Inutile d’ajouter que, pendant ce temps, les écoles demeurent fermées…
Pourtant, la cause en elle-même reste franchement intéressante. On a vu cette chose surprenante en un pays trop souvent partagé, déchiré par des luttes de croyance et de partis : des prêtres coptes aller prêcher dans les mosquées, des ulémahs élever la voix dans les églises chrétiennes. Étudiants syriens, maronites ou musulmans, femmes turques d’Égypte ou purement égyptiennes, sont unis dans la même fièvre et dans le même ardent désir : voir se lever sur la vieille terre l’aube radieuse de l’indépendance.
Pourquoi faut-il qu’une si noble ambition se trouve ravalée au niveau d’une simple révolte par la maladresse des uns et la cruelle répression des autres ?
Loin de s’apaiser, la guerre intestine prend, sur les rivages du Nil, des proportions de plus en plus redoutables. Des femmes, des enfants ont péri. Les exemples chaque jour renouvelés, les châtiments ne suffisent plus. Jusqu’à présent, il semble bien que l’indigène en veuille surtout à l’Angleterre, mais il faudrait mal connaître l’âme musulmane pour se convaincre que les chefs, parfaitement éclairés, les esprits incontestablement libéraux qui tiennent la tête du parti nationaliste, pourront arrêter le flot montant des amertumes et les rancunes d’un peuple malheureux et trop longtemps asservi.
Les Anglais qui, pour des raisons que j’ignore, ont laissé paisiblement germer les premiers éléments de la révolution, pour sévir ensuite avec une rigueur impitoyable, n’avaient certainement pas prévu les difficultés de l’heure présente.
Quelles qu’en puissent être les suites, elles leur coûtent déjà bien cher ! Mais l’Égypte la première est frappée aux sources profondes de sa vie. Et avec elle la France, mère là-bas de la civilisation moderne en Égypte.
Certes, il serait injuste de nier les résultats obtenus par l’Angleterre au pays des Pharaons. Les sommes englouties par le gouvernement britannique pour la transformation de la vallée du Nil feraient reculer les plus téméraires colonisateurs. On disait, il y a trois ans : « Voyez comme le fellah est riche ! comme il est heureux ! » et chacun sait que le bonheur du fellah représente la félicité de toute l’Égypte.

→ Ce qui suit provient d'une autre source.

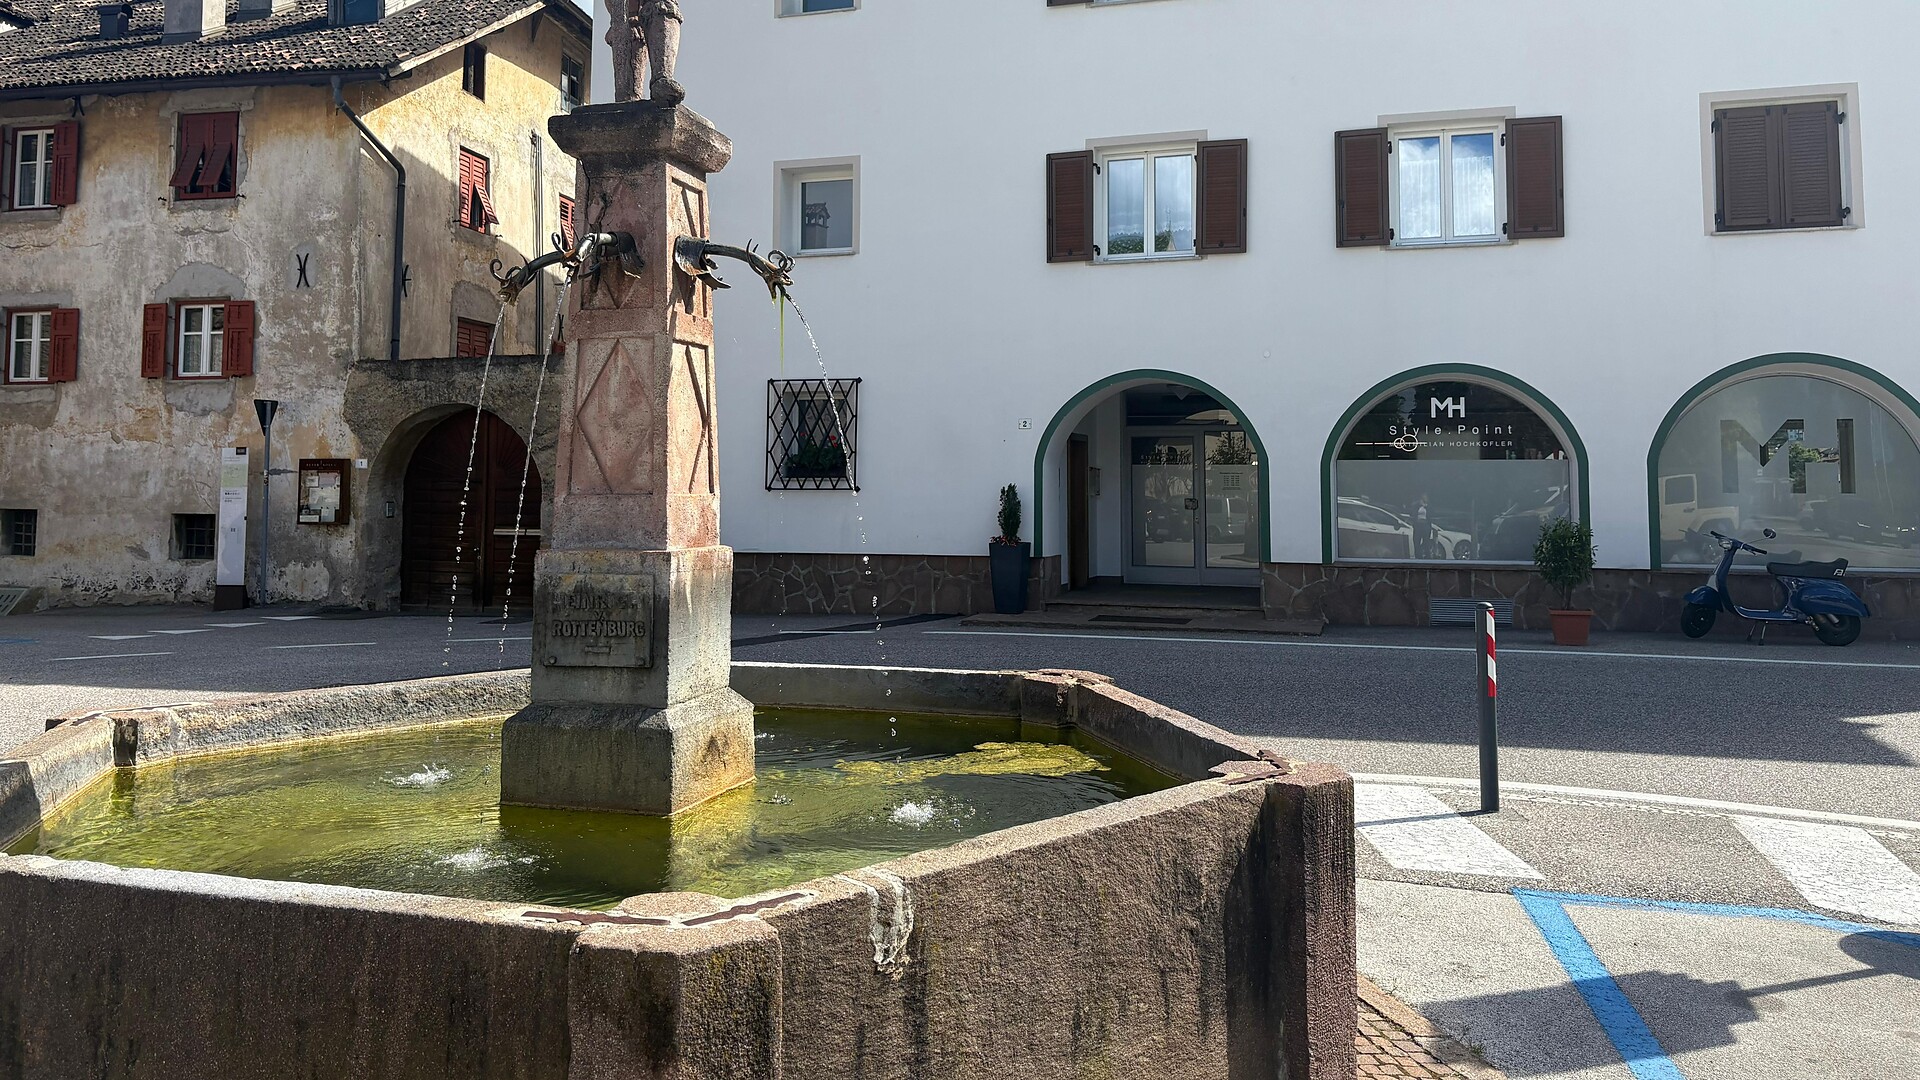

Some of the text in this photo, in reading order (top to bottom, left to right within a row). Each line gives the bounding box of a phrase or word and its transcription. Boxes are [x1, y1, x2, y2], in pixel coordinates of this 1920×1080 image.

[1430, 396, 1466, 419] MH
[1720, 418, 1856, 494] MH
[552, 620, 645, 637] ROTTENBURG

Eh bien, non ! le fellah n’est pas heureux… il ne l’était pas plus à l’heure de l’armistice qu’aujourd’hui où les affaires ont si bien périclité qu’à l’abondance passée succède une misère profonde. En augmentant ses revenus, le fellah a vu, plus peut-être que chez nous, naître et augmenter ses besoins. Mal préparé à sa nouvelle fortune, il a dépensé sans compter et se trouve à l’heure actuelle beaucoup plus pauvre qu’avant. Lui aussi, il a contribué aux frais de la guerre ! il a donné ses guinées, il a prêté des hommes pour les travaux, comme autrefois ses pères donnaient leurs fils à la corvée obligatoire. De son effort il ne récolte aucun bénéfice, ne retire aucune gloire. Le véritable profiteur de la guerre, là-bas plus que chez nous, et si fort que cela puisse paraître, c’est le marchand cosmopolite. Qu’il ait magasin sur rue, échoppe ou simple tréteau en plein vent, celui-là seul qui a vendu quelque chose durant les tristes années de la guerre a pu s’enrichir… Les autres n’ont fait que toucher le bel or menteur, qui tout de suite glissait entre d’autres mains.